* [SUPPLIED MATERIAL]
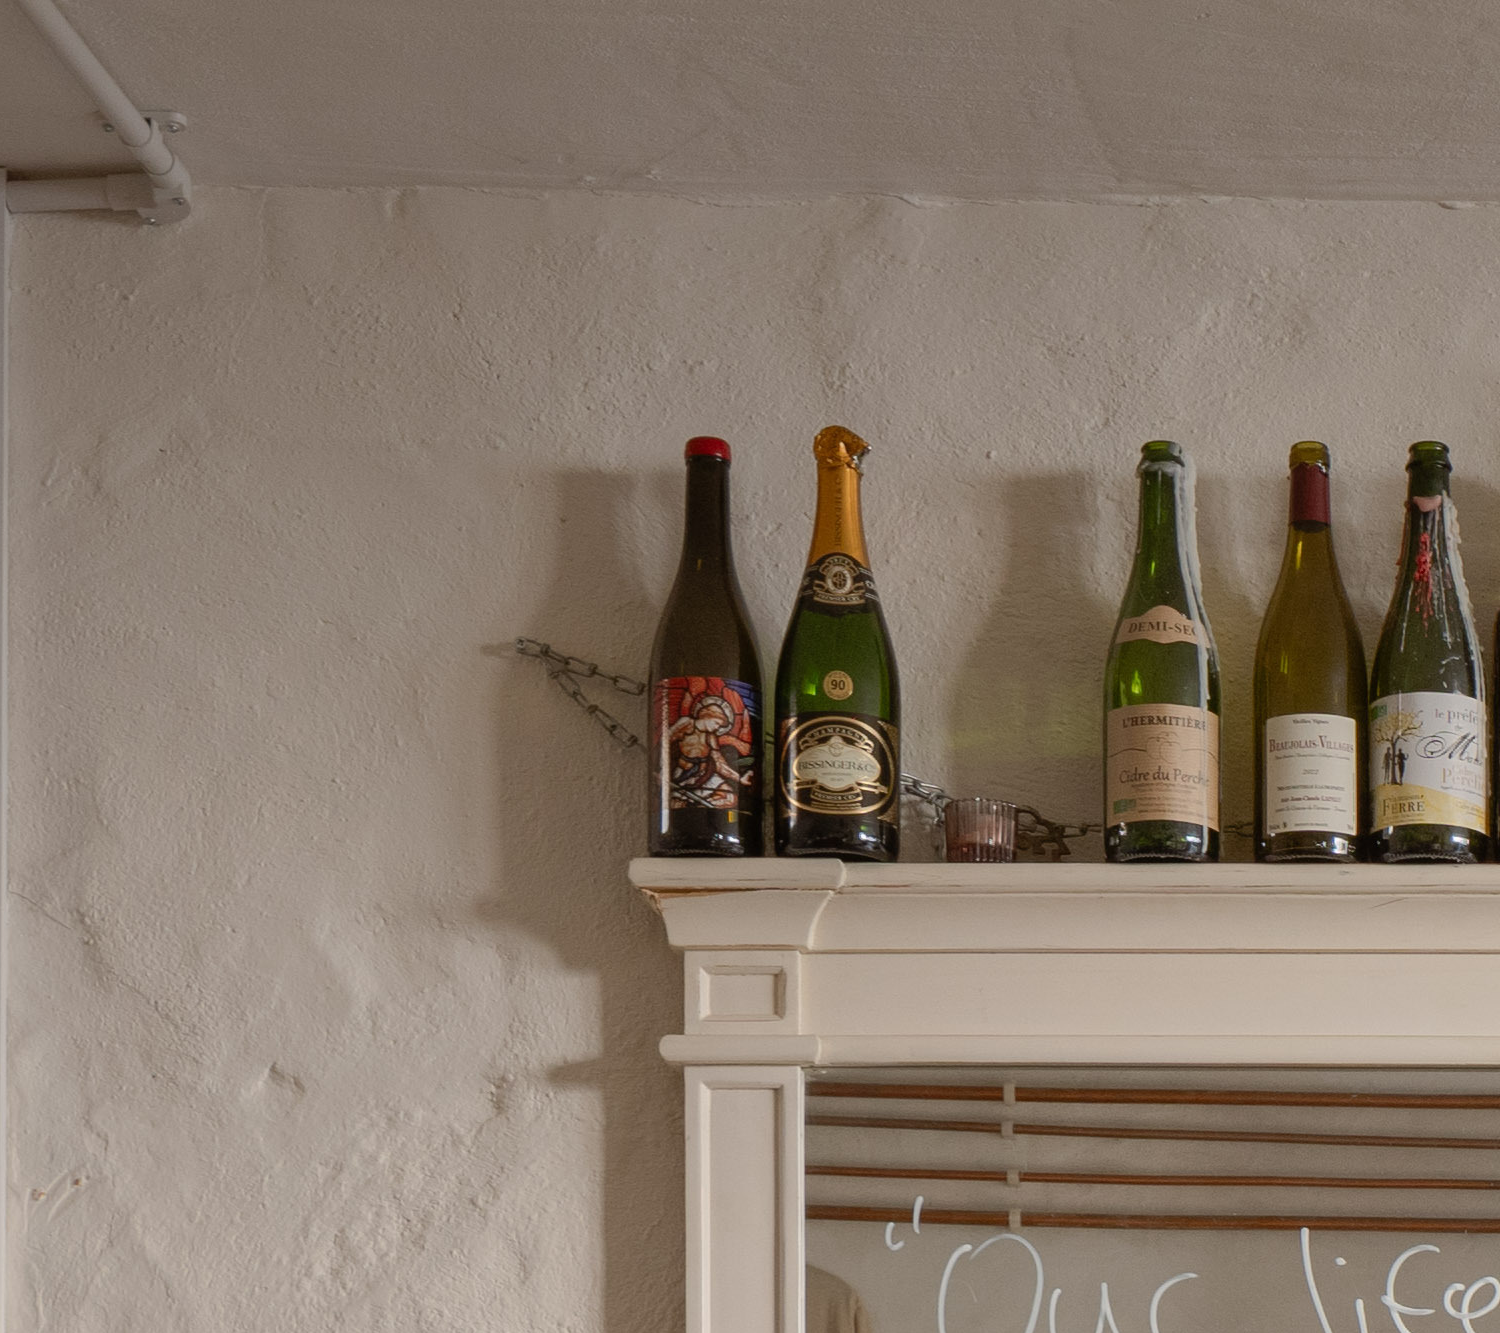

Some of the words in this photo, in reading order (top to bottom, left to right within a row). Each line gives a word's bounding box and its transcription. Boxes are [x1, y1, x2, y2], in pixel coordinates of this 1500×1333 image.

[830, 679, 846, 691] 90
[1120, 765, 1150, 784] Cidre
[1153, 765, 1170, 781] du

...

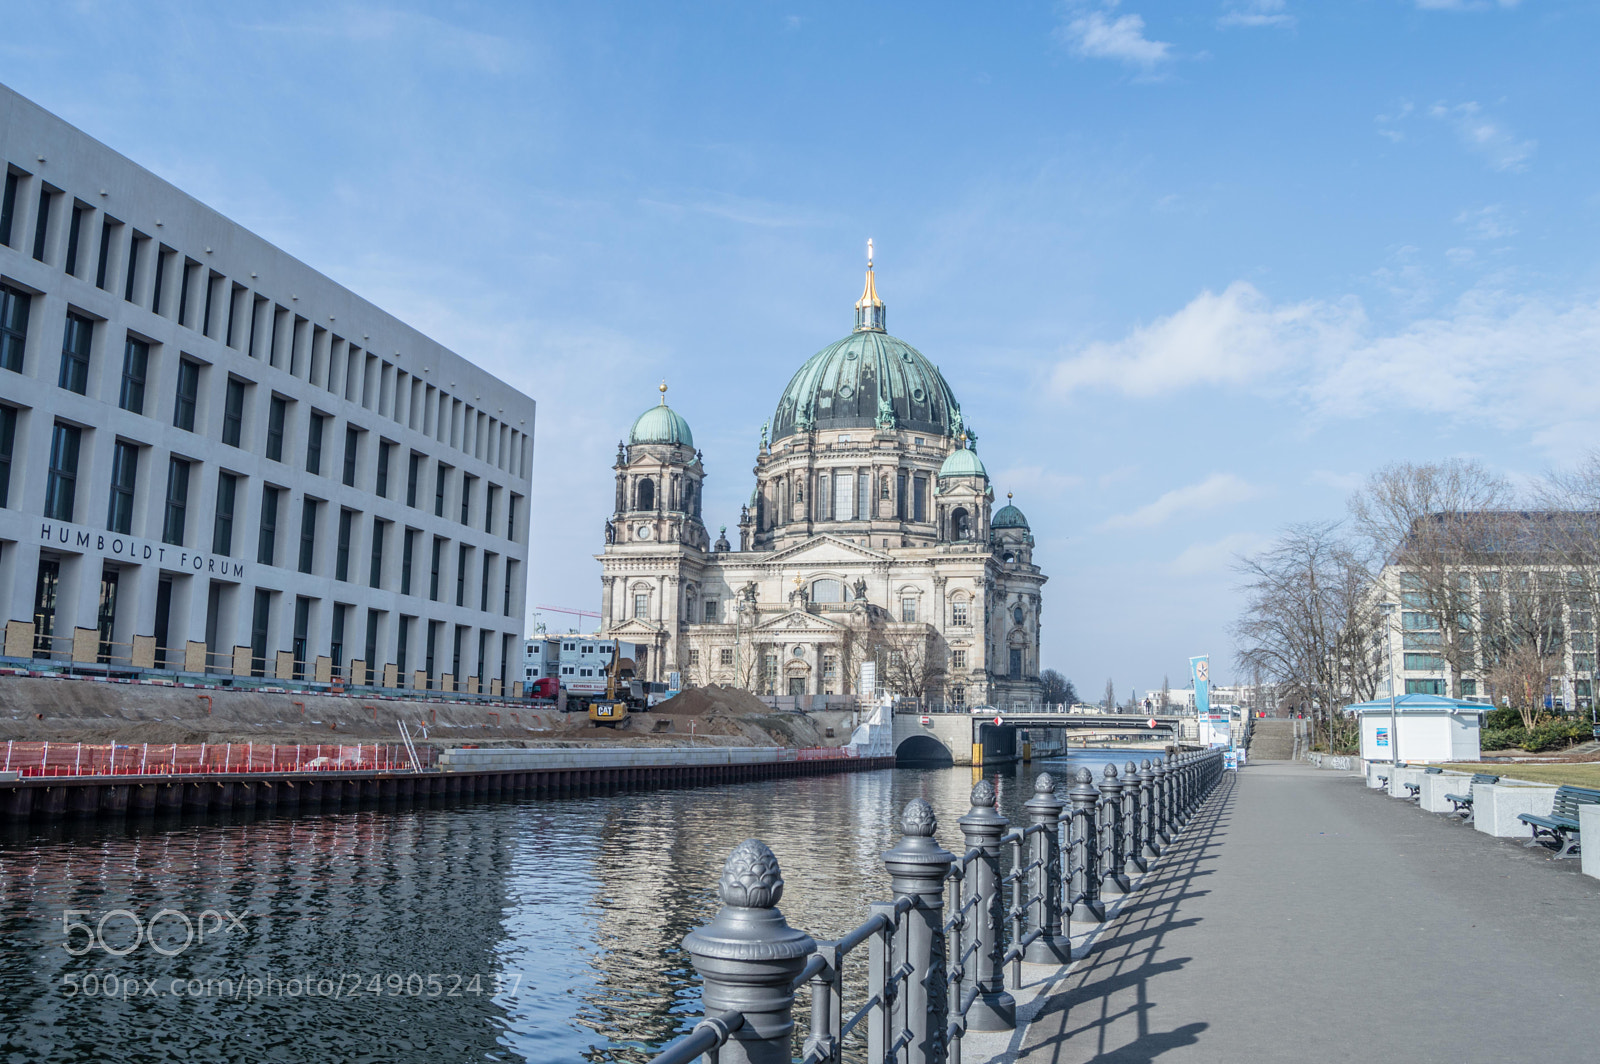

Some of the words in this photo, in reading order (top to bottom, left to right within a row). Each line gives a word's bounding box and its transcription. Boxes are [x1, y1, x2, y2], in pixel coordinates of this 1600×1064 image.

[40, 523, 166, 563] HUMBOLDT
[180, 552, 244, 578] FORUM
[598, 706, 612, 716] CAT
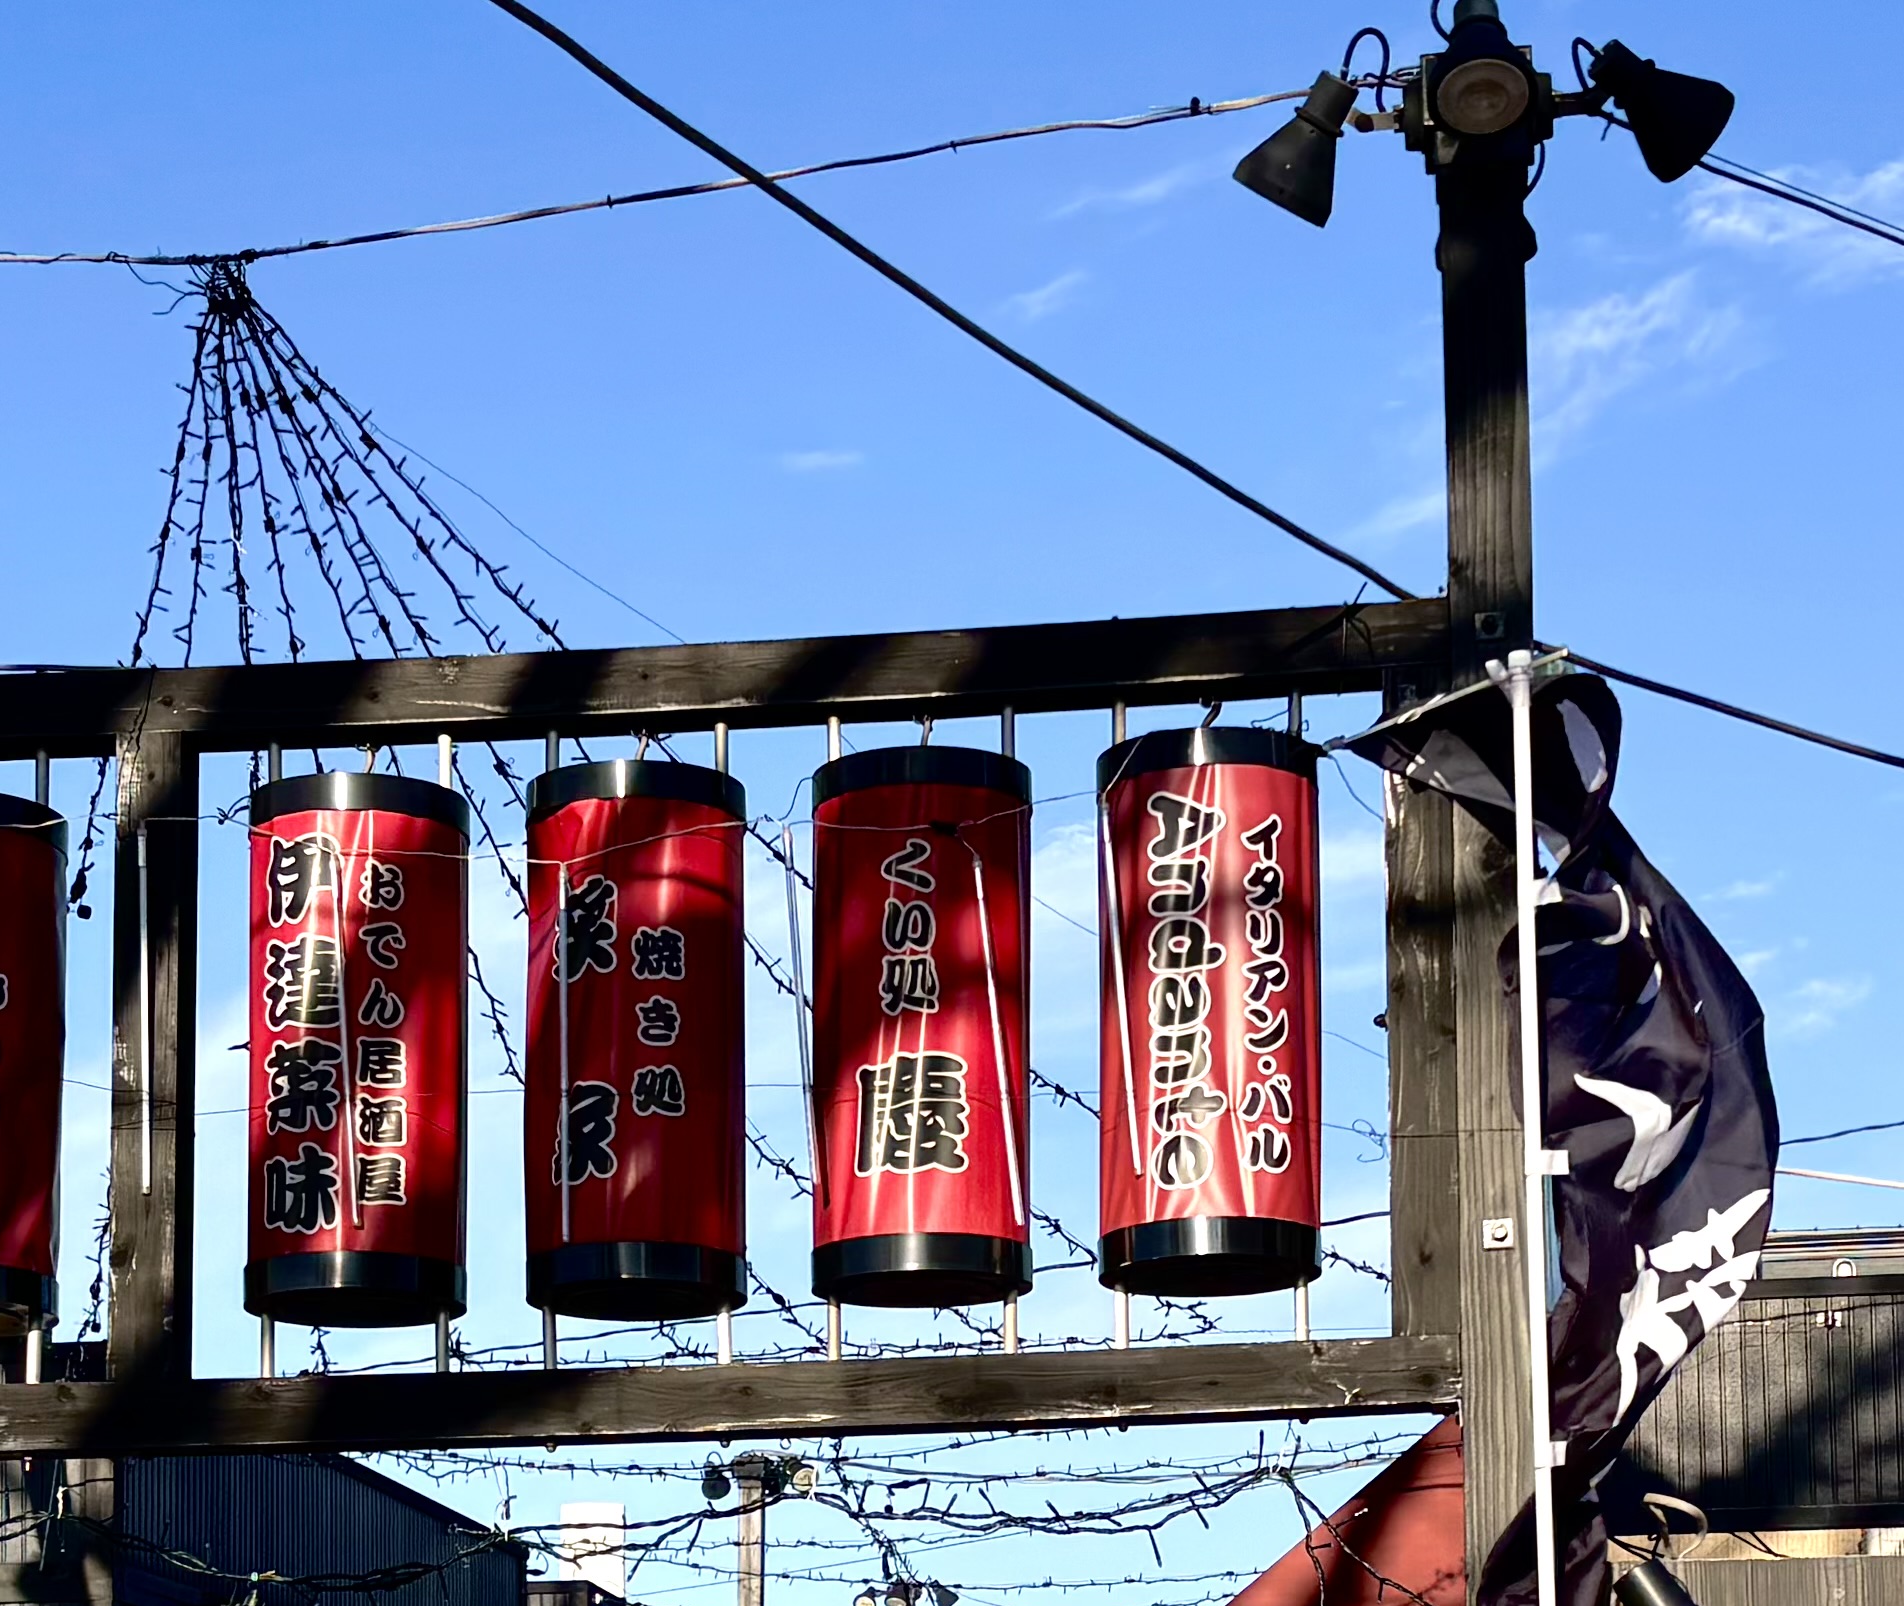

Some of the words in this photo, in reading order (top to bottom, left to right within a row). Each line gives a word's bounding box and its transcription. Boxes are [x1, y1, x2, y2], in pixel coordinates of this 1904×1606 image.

---

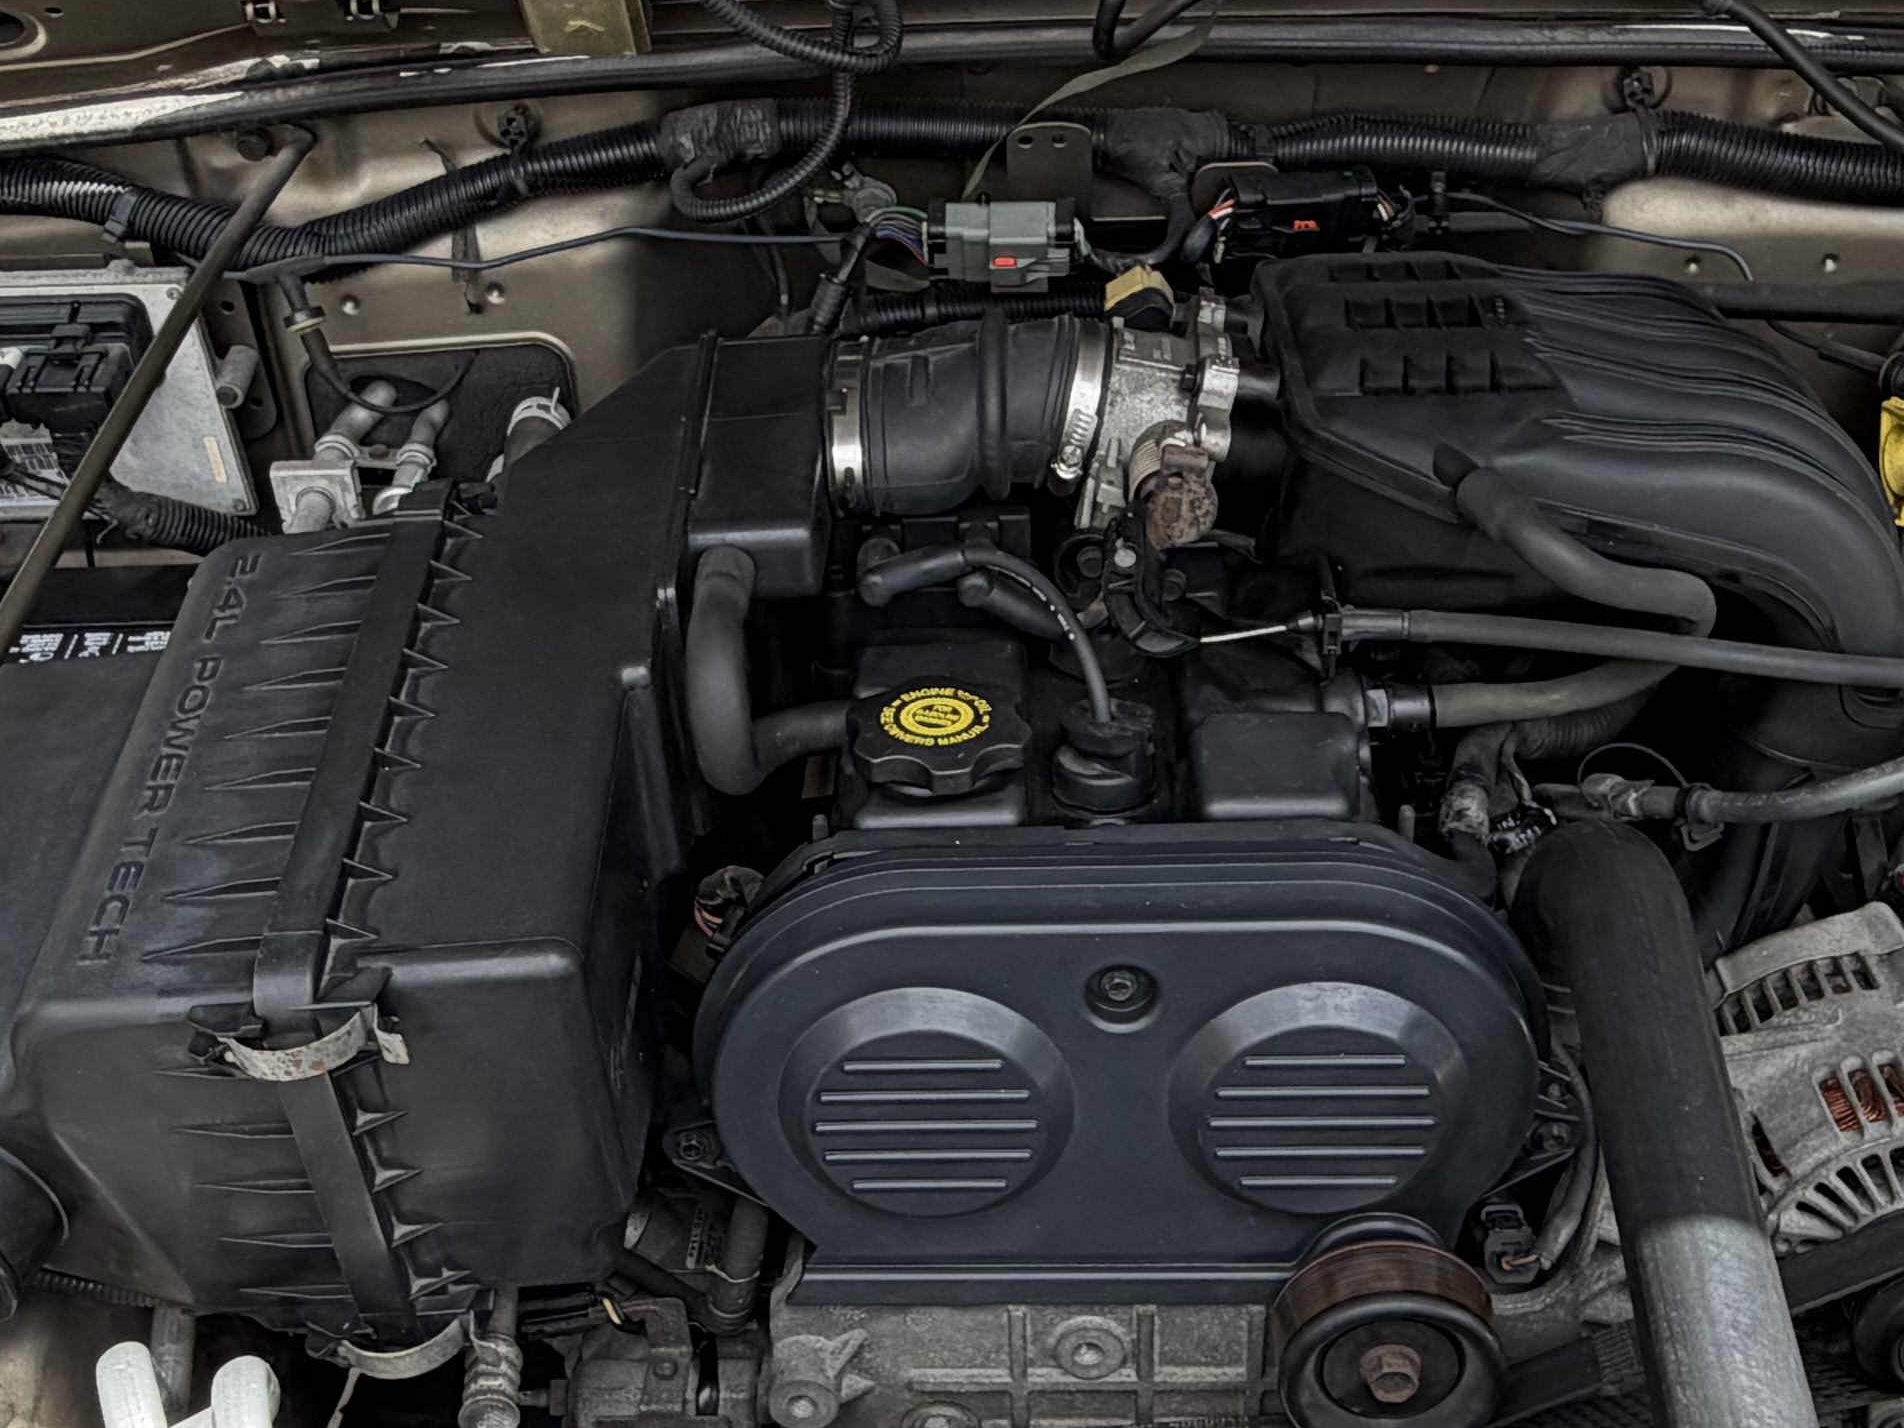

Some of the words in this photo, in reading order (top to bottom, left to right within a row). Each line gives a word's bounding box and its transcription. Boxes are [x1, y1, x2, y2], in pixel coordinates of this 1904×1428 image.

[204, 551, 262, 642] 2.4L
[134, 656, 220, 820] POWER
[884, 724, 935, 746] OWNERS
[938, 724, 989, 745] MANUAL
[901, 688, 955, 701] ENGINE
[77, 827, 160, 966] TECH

* [TASK STATEMENT]
Starting with the line that has "this 1600×1064 image." and ending with the line that has "this 1904×1606 image.", repeat the lines above exactly, omitting every picture.

* [OUTPUT OF THE EXERCISE]
Some of the words in this photo, in reading order (top to bottom, left to right within a row). Each line gives a word's bounding box and its transcription. Boxes are [x1, y1, x2, y2], in pixel coordinates of this 1600×1064 image.

[40, 523, 166, 563] HUMBOLDT
[180, 552, 244, 578] FORUM
[598, 706, 612, 716] CAT

Some of the words in this photo, in reading order (top to bottom, left to right within a row). Each line gives a word's bounding box and its transcription. Boxes are [x1, y1, x2, y2], in pixel coordinates of this 1904×1606 image.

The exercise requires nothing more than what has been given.